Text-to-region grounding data
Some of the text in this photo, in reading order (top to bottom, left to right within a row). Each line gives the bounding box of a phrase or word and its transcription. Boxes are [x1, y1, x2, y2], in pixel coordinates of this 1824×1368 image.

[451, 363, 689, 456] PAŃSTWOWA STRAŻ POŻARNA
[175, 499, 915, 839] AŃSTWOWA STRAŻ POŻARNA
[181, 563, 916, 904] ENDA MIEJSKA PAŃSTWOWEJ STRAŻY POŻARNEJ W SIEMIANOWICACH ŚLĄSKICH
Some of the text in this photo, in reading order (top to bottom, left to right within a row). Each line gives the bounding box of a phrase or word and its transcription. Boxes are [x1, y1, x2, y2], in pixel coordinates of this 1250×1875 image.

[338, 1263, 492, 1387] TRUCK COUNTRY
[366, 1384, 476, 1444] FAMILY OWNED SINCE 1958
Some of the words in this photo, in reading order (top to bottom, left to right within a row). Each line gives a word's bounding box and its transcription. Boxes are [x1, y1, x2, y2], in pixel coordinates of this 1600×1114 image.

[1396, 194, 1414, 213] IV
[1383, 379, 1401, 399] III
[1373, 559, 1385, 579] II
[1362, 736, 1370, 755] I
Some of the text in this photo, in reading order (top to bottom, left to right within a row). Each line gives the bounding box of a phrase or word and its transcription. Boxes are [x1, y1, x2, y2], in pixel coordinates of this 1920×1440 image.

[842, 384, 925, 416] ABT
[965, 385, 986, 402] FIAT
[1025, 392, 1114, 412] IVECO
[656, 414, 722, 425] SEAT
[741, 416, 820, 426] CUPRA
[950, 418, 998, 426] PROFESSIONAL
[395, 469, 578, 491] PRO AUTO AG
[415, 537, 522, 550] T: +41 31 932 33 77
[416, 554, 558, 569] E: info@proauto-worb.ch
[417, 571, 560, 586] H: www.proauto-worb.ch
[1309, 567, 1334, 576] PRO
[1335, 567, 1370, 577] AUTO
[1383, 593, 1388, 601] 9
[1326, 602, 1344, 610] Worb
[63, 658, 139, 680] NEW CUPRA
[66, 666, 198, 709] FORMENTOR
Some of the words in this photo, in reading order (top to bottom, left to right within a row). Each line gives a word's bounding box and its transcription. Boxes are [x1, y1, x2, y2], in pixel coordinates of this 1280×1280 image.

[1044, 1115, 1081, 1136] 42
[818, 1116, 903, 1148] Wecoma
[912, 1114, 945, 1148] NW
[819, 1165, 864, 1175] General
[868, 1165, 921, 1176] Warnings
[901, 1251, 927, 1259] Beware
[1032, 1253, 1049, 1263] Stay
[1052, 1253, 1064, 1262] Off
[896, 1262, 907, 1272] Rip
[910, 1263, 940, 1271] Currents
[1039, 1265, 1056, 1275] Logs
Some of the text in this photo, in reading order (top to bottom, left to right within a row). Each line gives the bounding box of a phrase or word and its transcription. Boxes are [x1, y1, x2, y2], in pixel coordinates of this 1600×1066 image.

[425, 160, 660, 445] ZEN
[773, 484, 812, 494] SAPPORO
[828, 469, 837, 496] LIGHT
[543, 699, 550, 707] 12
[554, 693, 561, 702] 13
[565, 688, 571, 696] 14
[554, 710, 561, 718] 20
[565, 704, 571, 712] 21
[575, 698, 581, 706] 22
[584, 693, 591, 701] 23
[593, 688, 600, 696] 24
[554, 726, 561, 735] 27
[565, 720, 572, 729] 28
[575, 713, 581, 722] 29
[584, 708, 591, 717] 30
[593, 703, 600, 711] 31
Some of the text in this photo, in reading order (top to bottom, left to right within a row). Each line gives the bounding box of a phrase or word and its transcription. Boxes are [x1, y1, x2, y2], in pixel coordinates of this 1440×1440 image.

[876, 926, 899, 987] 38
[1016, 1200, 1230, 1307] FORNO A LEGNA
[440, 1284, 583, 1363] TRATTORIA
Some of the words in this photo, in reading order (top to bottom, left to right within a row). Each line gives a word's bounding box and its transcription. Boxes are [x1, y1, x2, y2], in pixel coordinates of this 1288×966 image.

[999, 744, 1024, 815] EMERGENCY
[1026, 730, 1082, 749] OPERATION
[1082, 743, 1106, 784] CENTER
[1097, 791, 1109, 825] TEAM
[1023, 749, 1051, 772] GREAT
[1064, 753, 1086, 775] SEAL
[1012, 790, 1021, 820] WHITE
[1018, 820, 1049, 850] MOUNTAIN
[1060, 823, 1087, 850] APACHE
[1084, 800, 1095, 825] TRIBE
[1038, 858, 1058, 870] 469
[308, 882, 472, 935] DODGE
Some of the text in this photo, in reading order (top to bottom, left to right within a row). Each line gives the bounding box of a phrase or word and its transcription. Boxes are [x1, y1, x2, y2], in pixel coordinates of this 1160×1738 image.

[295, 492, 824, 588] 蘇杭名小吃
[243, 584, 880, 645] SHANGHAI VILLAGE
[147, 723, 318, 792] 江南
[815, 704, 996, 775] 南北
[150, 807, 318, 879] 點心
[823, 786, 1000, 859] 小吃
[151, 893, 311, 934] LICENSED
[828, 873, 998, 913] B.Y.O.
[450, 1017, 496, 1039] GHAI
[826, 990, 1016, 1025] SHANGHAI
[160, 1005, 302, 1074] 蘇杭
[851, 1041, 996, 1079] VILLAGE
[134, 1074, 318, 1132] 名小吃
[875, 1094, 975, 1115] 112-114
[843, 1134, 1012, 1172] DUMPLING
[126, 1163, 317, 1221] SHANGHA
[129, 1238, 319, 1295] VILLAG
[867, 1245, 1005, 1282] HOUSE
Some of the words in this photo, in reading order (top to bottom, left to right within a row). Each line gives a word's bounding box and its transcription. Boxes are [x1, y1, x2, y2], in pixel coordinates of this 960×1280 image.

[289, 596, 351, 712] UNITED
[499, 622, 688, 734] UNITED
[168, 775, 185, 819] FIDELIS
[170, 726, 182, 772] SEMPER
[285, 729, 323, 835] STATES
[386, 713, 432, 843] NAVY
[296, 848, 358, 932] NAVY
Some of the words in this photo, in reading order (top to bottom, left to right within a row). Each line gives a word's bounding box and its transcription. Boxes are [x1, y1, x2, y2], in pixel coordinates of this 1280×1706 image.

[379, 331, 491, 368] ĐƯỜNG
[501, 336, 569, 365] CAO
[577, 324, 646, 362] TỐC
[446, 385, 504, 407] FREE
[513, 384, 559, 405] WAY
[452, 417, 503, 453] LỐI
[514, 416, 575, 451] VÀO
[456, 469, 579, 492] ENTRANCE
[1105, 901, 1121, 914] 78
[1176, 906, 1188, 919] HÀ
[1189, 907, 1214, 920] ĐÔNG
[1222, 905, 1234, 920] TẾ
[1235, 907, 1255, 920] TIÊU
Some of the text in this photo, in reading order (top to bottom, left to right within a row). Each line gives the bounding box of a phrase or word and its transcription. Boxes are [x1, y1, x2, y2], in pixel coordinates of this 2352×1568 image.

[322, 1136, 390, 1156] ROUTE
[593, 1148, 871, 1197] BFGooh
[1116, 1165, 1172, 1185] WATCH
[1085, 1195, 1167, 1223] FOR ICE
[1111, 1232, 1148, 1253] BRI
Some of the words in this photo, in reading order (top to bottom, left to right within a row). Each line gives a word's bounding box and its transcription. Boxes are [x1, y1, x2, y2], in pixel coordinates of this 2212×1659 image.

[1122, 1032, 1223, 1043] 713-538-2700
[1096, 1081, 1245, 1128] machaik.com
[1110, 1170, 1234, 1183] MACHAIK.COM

*What is being asked:* All of the records above are to be set down again exactly.

*Response below:*
Some of the text in this photo, in reading order (top to bottom, left to right within a row). Each line gives the bounding box of a phrase or word and its transcription. Boxes are [x1, y1, x2, y2], in pixel coordinates of this 1824×1368 image.

[451, 363, 689, 456] PAŃSTWOWA STRAŻ POŻARNA
[175, 499, 915, 839] AŃSTWOWA STRAŻ POŻARNA
[181, 563, 916, 904] ENDA MIEJSKA PAŃSTWOWEJ STRAŻY POŻARNEJ W SIEMIANOWICACH ŚLĄSKICH
Some of the text in this photo, in reading order (top to bottom, left to right within a row). Each line gives the bounding box of a phrase or word and its transcription. Boxes are [x1, y1, x2, y2], in pixel coordinates of this 1250×1875 image.

[338, 1263, 492, 1387] TRUCK COUNTRY
[366, 1384, 476, 1444] FAMILY OWNED SINCE 1958
Some of the words in this photo, in reading order (top to bottom, left to right within a row). Each line gives a word's bounding box and its transcription. Boxes are [x1, y1, x2, y2], in pixel coordinates of this 1600×1114 image.

[1396, 194, 1414, 213] IV
[1383, 379, 1401, 399] III
[1373, 559, 1385, 579] II
[1362, 736, 1370, 755] I
Some of the text in this photo, in reading order (top to bottom, left to right within a row). Each line gives the bounding box of a phrase or word and its transcription. Boxes are [x1, y1, x2, y2], in pixel coordinates of this 1920×1440 image.

[842, 384, 925, 416] ABT
[965, 385, 986, 402] FIAT
[1025, 392, 1114, 412] IVECO
[656, 414, 722, 425] SEAT
[741, 416, 820, 426] CUPRA
[950, 418, 998, 426] PROFESSIONAL
[395, 469, 578, 491] PRO AUTO AG
[415, 537, 522, 550] T: +41 31 932 33 77
[416, 554, 558, 569] E: info@proauto-worb.ch
[417, 571, 560, 586] H: www.proauto-worb.ch
[1309, 567, 1334, 576] PRO
[1335, 567, 1370, 577] AUTO
[1383, 593, 1388, 601] 9
[1326, 602, 1344, 610] Worb
[63, 658, 139, 680] NEW CUPRA
[66, 666, 198, 709] FORMENTOR
Some of the words in this photo, in reading order (top to bottom, left to right within a row). Each line gives a word's bounding box and its transcription. Boxes are [x1, y1, x2, y2], in pixel coordinates of this 1280×1280 image.

[1044, 1115, 1081, 1136] 42
[818, 1116, 903, 1148] Wecoma
[912, 1114, 945, 1148] NW
[819, 1165, 864, 1175] General
[868, 1165, 921, 1176] Warnings
[901, 1251, 927, 1259] Beware
[1032, 1253, 1049, 1263] Stay
[1052, 1253, 1064, 1262] Off
[896, 1262, 907, 1272] Rip
[910, 1263, 940, 1271] Currents
[1039, 1265, 1056, 1275] Logs
Some of the text in this photo, in reading order (top to bottom, left to right within a row). Each line gives the bounding box of a phrase or word and its transcription. Boxes are [x1, y1, x2, y2], in pixel coordinates of this 1600×1066 image.

[425, 160, 660, 445] ZEN
[773, 484, 812, 494] SAPPORO
[828, 469, 837, 496] LIGHT
[543, 699, 550, 707] 12
[554, 693, 561, 702] 13
[565, 688, 571, 696] 14
[554, 710, 561, 718] 20
[565, 704, 571, 712] 21
[575, 698, 581, 706] 22
[584, 693, 591, 701] 23
[593, 688, 600, 696] 24
[554, 726, 561, 735] 27
[565, 720, 572, 729] 28
[575, 713, 581, 722] 29
[584, 708, 591, 717] 30
[593, 703, 600, 711] 31
Some of the text in this photo, in reading order (top to bottom, left to right within a row). Each line gives the bounding box of a phrase or word and its transcription. Boxes are [x1, y1, x2, y2], in pixel coordinates of this 1440×1440 image.

[876, 926, 899, 987] 38
[1016, 1200, 1230, 1307] FORNO A LEGNA
[440, 1284, 583, 1363] TRATTORIA
Some of the words in this photo, in reading order (top to bottom, left to right within a row). Each line gives a word's bounding box and its transcription. Boxes are [x1, y1, x2, y2], in pixel coordinates of this 1288×966 image.

[999, 744, 1024, 815] EMERGENCY
[1026, 730, 1082, 749] OPERATION
[1082, 743, 1106, 784] CENTER
[1097, 791, 1109, 825] TEAM
[1023, 749, 1051, 772] GREAT
[1064, 753, 1086, 775] SEAL
[1012, 790, 1021, 820] WHITE
[1018, 820, 1049, 850] MOUNTAIN
[1060, 823, 1087, 850] APACHE
[1084, 800, 1095, 825] TRIBE
[1038, 858, 1058, 870] 469
[308, 882, 472, 935] DODGE
Some of the text in this photo, in reading order (top to bottom, left to right within a row). Each line gives the bounding box of a phrase or word and its transcription. Boxes are [x1, y1, x2, y2], in pixel coordinates of this 1160×1738 image.

[295, 492, 824, 588] 蘇杭名小吃
[243, 584, 880, 645] SHANGHAI VILLAGE
[147, 723, 318, 792] 江南
[815, 704, 996, 775] 南北
[150, 807, 318, 879] 點心
[823, 786, 1000, 859] 小吃
[151, 893, 311, 934] LICENSED
[828, 873, 998, 913] B.Y.O.
[450, 1017, 496, 1039] GHAI
[826, 990, 1016, 1025] SHANGHAI
[160, 1005, 302, 1074] 蘇杭
[851, 1041, 996, 1079] VILLAGE
[134, 1074, 318, 1132] 名小吃
[875, 1094, 975, 1115] 112-114
[843, 1134, 1012, 1172] DUMPLING
[126, 1163, 317, 1221] SHANGHA
[129, 1238, 319, 1295] VILLAG
[867, 1245, 1005, 1282] HOUSE
Some of the words in this photo, in reading order (top to bottom, left to right within a row). Each line gives a word's bounding box and its transcription. Boxes are [x1, y1, x2, y2], in pixel coordinates of this 960×1280 image.

[289, 596, 351, 712] UNITED
[499, 622, 688, 734] UNITED
[168, 775, 185, 819] FIDELIS
[170, 726, 182, 772] SEMPER
[285, 729, 323, 835] STATES
[386, 713, 432, 843] NAVY
[296, 848, 358, 932] NAVY
Some of the words in this photo, in reading order (top to bottom, left to right within a row). Each line gives a word's bounding box and its transcription. Boxes are [x1, y1, x2, y2], in pixel coordinates of this 1280×1706 image.

[379, 331, 491, 368] ĐƯỜNG
[501, 336, 569, 365] CAO
[577, 324, 646, 362] TỐC
[446, 385, 504, 407] FREE
[513, 384, 559, 405] WAY
[452, 417, 503, 453] LỐI
[514, 416, 575, 451] VÀO
[456, 469, 579, 492] ENTRANCE
[1105, 901, 1121, 914] 78
[1176, 906, 1188, 919] HÀ
[1189, 907, 1214, 920] ĐÔNG
[1222, 905, 1234, 920] TẾ
[1235, 907, 1255, 920] TIÊU
Some of the text in this photo, in reading order (top to bottom, left to right within a row). Each line gives the bounding box of a phrase or word and its transcription. Boxes are [x1, y1, x2, y2], in pixel coordinates of this 2352×1568 image.

[322, 1136, 390, 1156] ROUTE
[593, 1148, 871, 1197] BFGooh
[1116, 1165, 1172, 1185] WATCH
[1085, 1195, 1167, 1223] FOR ICE
[1111, 1232, 1148, 1253] BRI
Some of the words in this photo, in reading order (top to bottom, left to right within a row). Each line gives a word's bounding box and its transcription. Boxes are [x1, y1, x2, y2], in pixel coordinates of this 2212×1659 image.

[1122, 1032, 1223, 1043] 713-538-2700
[1096, 1081, 1245, 1128] machaik.com
[1110, 1170, 1234, 1183] MACHAIK.COM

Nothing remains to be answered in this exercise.